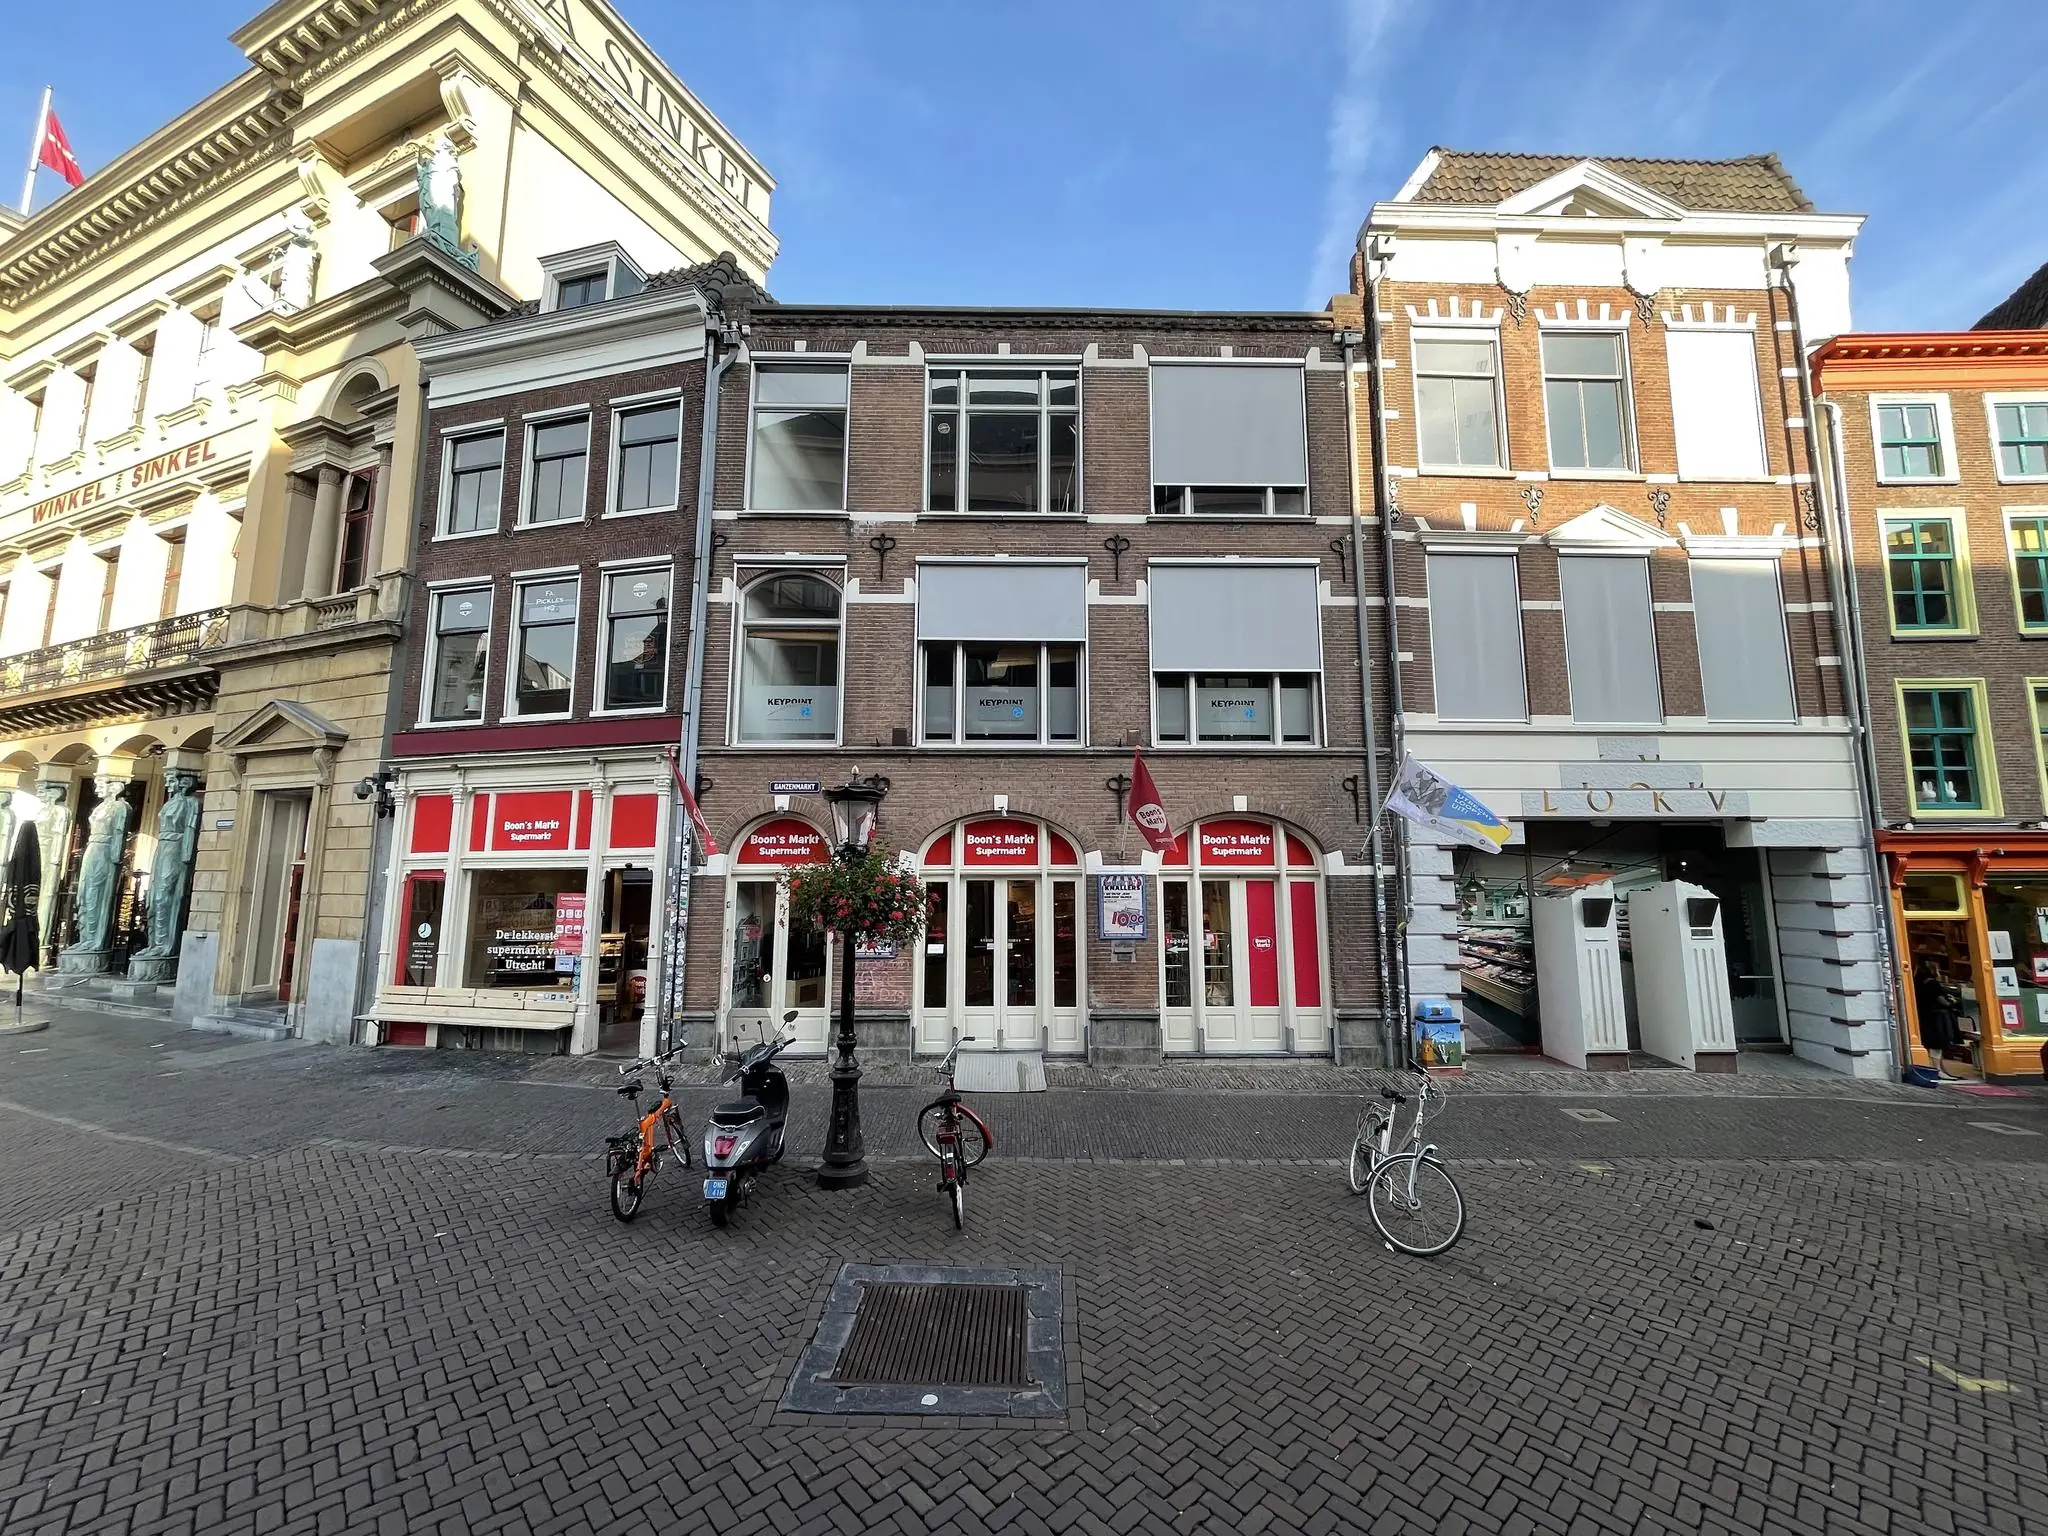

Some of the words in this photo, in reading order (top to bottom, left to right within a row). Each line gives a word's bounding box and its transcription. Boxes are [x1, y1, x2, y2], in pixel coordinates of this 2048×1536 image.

[33, 482, 106, 524] WINKEL
[132, 441, 217, 488] SINKEL
[536, 597, 565, 605] PICKLES
[767, 698, 813, 706] KEYPOINT
[979, 699, 1024, 707] KEYPOINT
[1211, 700, 1255, 708] KEYPOINT
[773, 783, 816, 791] GANZENMARKT
[1454, 798, 1481, 816] LOOPT
[1457, 793, 1493, 821] UTRECHT
[1139, 807, 1162, 820] Boon's
[504, 821, 532, 831] Boon's
[534, 820, 559, 830] Markt
[1145, 814, 1165, 827] Markt
[510, 832, 552, 842] Supermarkt
[750, 834, 785, 844] Boon's
[789, 834, 820, 844] Markt
[967, 834, 1001, 844] Boon's
[1004, 834, 1036, 844] Markt
[1202, 834, 1238, 845] Boon's
[1240, 834, 1271, 845] Markt
[759, 846, 811, 858] Supermarkt
[976, 846, 1026, 857] Supermarkt
[1211, 846, 1263, 857] Supermarkt
[496, 930, 510, 940] De
[512, 930, 559, 941] lekkerste
[487, 946, 546, 957] supermarkt
[548, 947, 566, 955] van
[505, 959, 545, 970] Utrecht!
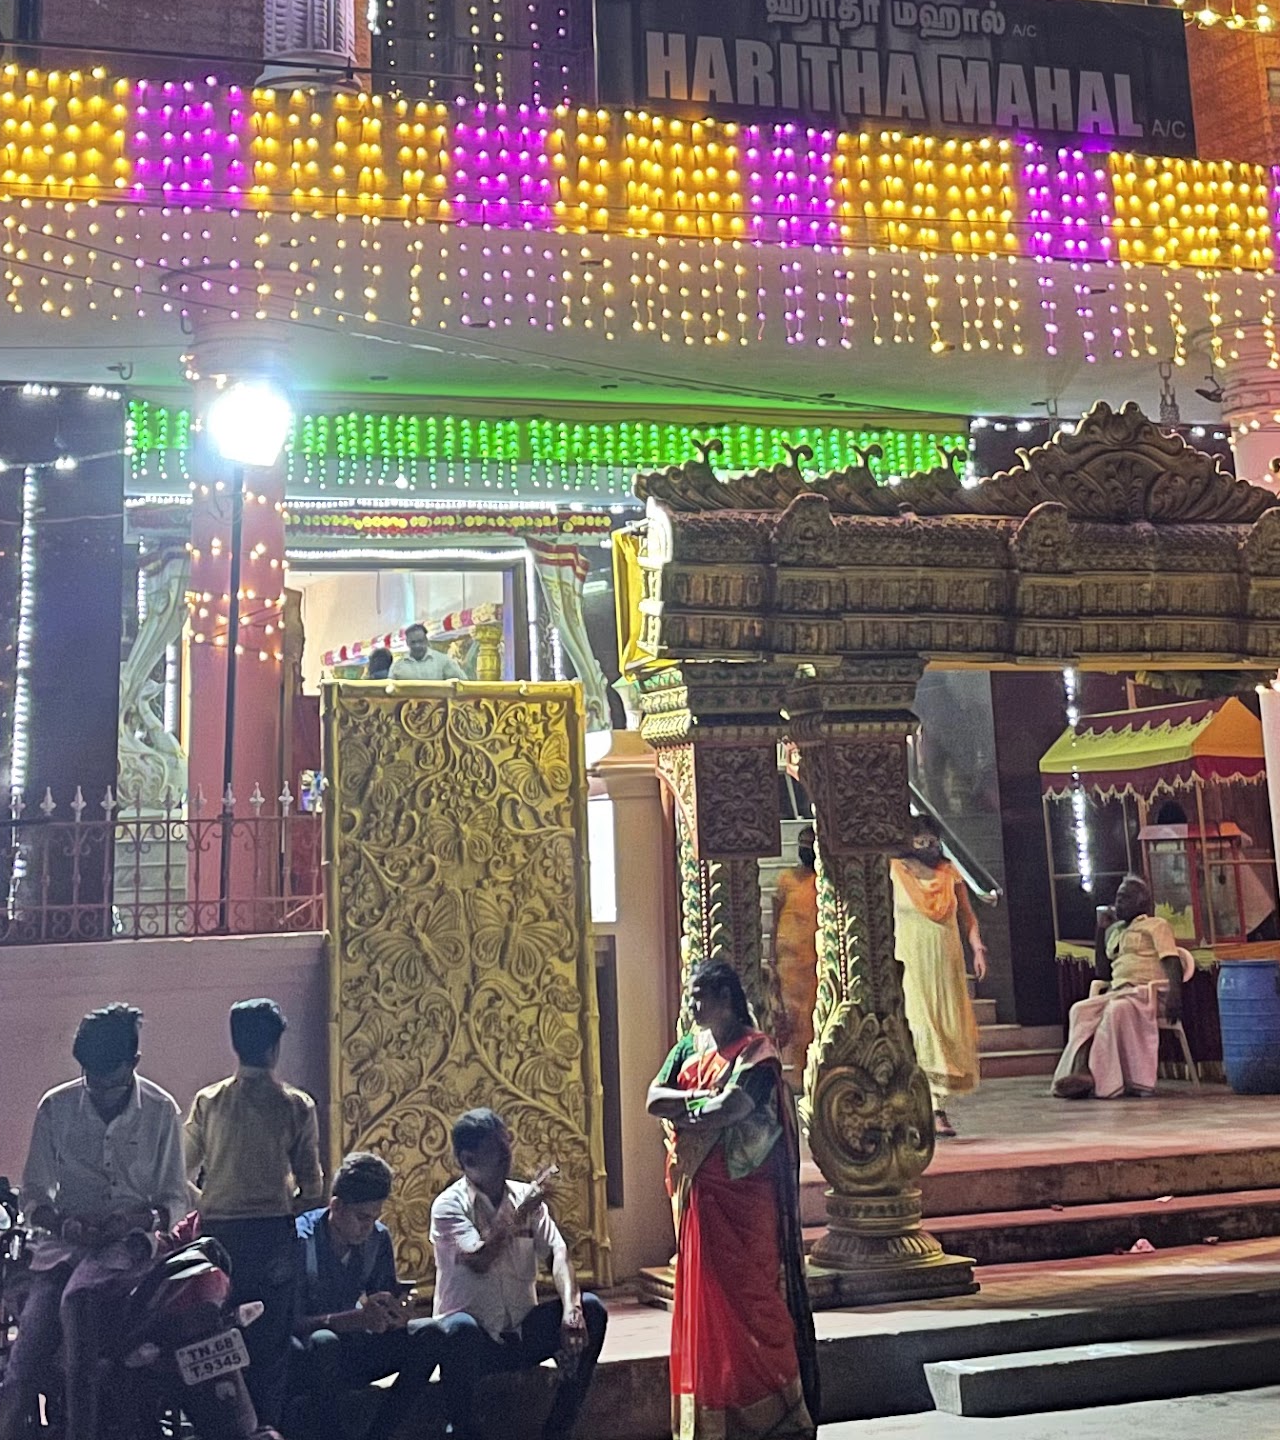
^^^^^^^^
## WORK REQUIRED
The result should be a word-for-word restatement of all the data, without images.

## RESPONSE TO THE EXERCISE
Some of the words in this photo, in reading order (top to bottom, left to right within a row). Each line gives a word's bounding box and its transcription. Boxes are [x1, y1, x2, y2], in pixel coordinates of this 2048×1536 image.

[33, 482, 106, 524] WINKEL
[132, 441, 217, 488] SINKEL
[536, 597, 565, 605] PICKLES
[767, 698, 813, 706] KEYPOINT
[979, 699, 1024, 707] KEYPOINT
[1211, 700, 1255, 708] KEYPOINT
[773, 783, 816, 791] GANZENMARKT
[1454, 798, 1481, 816] LOOPT
[1457, 793, 1493, 821] UTRECHT
[1139, 807, 1162, 820] Boon's
[504, 821, 532, 831] Boon's
[534, 820, 559, 830] Markt
[1145, 814, 1165, 827] Markt
[510, 832, 552, 842] Supermarkt
[750, 834, 785, 844] Boon's
[789, 834, 820, 844] Markt
[967, 834, 1001, 844] Boon's
[1004, 834, 1036, 844] Markt
[1202, 834, 1238, 845] Boon's
[1240, 834, 1271, 845] Markt
[759, 846, 811, 858] Supermarkt
[976, 846, 1026, 857] Supermarkt
[1211, 846, 1263, 857] Supermarkt
[496, 930, 510, 940] De
[512, 930, 559, 941] lekkerste
[487, 946, 546, 957] supermarkt
[548, 947, 566, 955] van
[505, 959, 545, 970] Utrecht!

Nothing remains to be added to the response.